Certain music aficionados insist this decline began in 1978. Others claim 1984 was the critical tipping point. Then there are others who say it started in 1992. 

But despite all these varying opinions about when the Grateful Dead were at their absolute peak or when they started their downhill slide, the fact remains that they enjoyed three decades of significant commercial and critical success (from 1965 to 1995). To this day, the band’s loyal fan base is as huge as ever. 

Still somewhat of a musical enigma, while The Dead most definitely experienced artistic and commercial peaks and valleys, they did not combust as completely as many of their contemporaries.

With fourteen works of fiction and nonfiction behind him, Robertson captures the Grateful Dead essence in a series of short essays about 50 concerts (plus a “bonus” 51st show) in chronological order. In the Introduction, he proposes that a Grateful Dead concert “is life. Like life, it can be alternately compelling and lackluster; familiar and foreign; occasionally sublime and sometimes insipid.” 

His goal seems not so much to determine the band’s best work, but to support this viewpoint.

As a kid growing up in Chatham while his musical tastes were still developing, it wasn’t love at first sound when Robertson heard “Blues for Allah” (the first Dead album he bought from the Discount Bin at Sam the Record Man). Then a friend’s mother offered to lend Robertson an album from her collection. 

He writes, “Once I got over my disappointment that I wasn’t cooler than Brad Langford’s mum, I was thankful. Even if, like the Grateful Dead LP I’d bought at Sam’s, her album turned out to be not nearly as good as any one of my increasing number of Neil Young records, it was something I’d never heard before, somewhere else I’d never been.
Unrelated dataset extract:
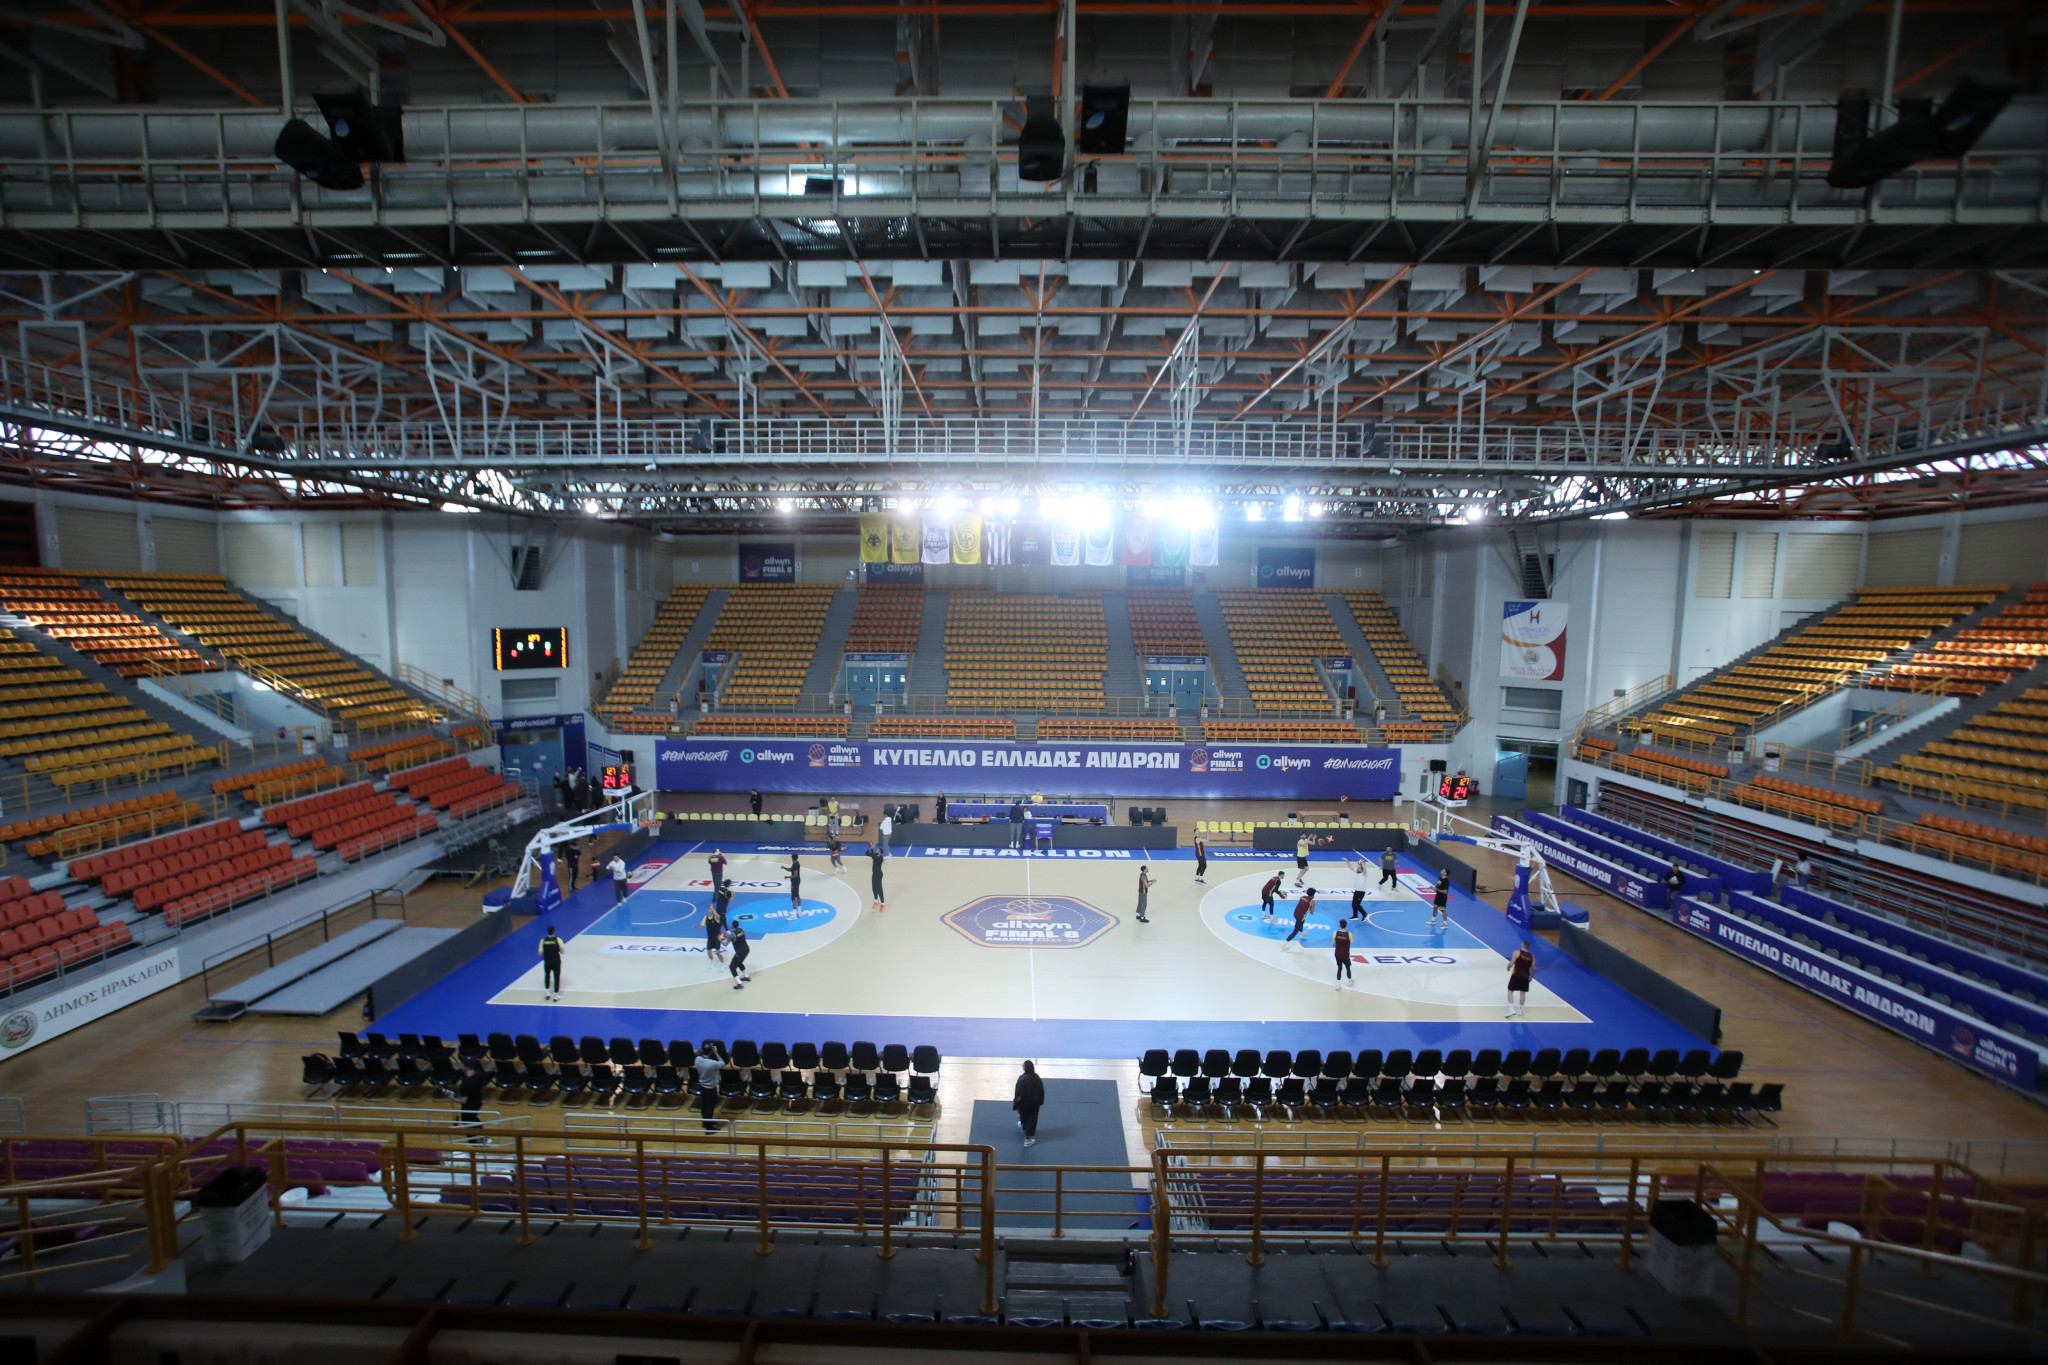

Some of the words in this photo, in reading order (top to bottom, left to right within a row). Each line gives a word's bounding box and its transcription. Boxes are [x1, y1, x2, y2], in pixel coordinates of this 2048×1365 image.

All you had to do was turn on the radio to know how rare that was.” 

Decades later, Robertson became besotted with the sound of Jerry Garcia’s guitar.

He candidly admits he’s not a fan of the drum solos that become concert staples; he adores vocalist Donna Jean Godchaux’s work with the band during her seven year tenure from 1972 to 1979; the band’s heavy use of covering Marty Robbins’s “El Paso” and Chuck Berry tunes got a big thumbs down. In fact, Roberston declares that the Dead pretty well sucked throughout the ’80s, then limped along until Garcia’s death in 1995.

Robertson traces the musical changes through the band’s formative years as well as their artistic growth and curiosity.

He also aptly traces Garcia’s development as a singer when writing about “Morning Dew” (an existential Bonnie Dobson lament in the Dead’s concert repertoire throughout their existence). As perceptively noted in the ‘5/2/70 Harpur College, Binghamton, NY recording,’ Garcia “has found the right forlorn cadence and been shorn of his previously affected delivery…in his newly found phrasing, luxuriating in hitting all the high notes.”

Robertson contends that as the band became overwhelmed by business concerns, the impact of their music weakened. However, the Dead reached their biggest commercial success in the mid-’80s (long before they began performing at football stadiums in the ’90s). 

Yet another voice in the ever-evolving Grateful Dead conversation, All the Years Combine shines new light on classic performances and takes opportunities to correct some long-entrenched band myths.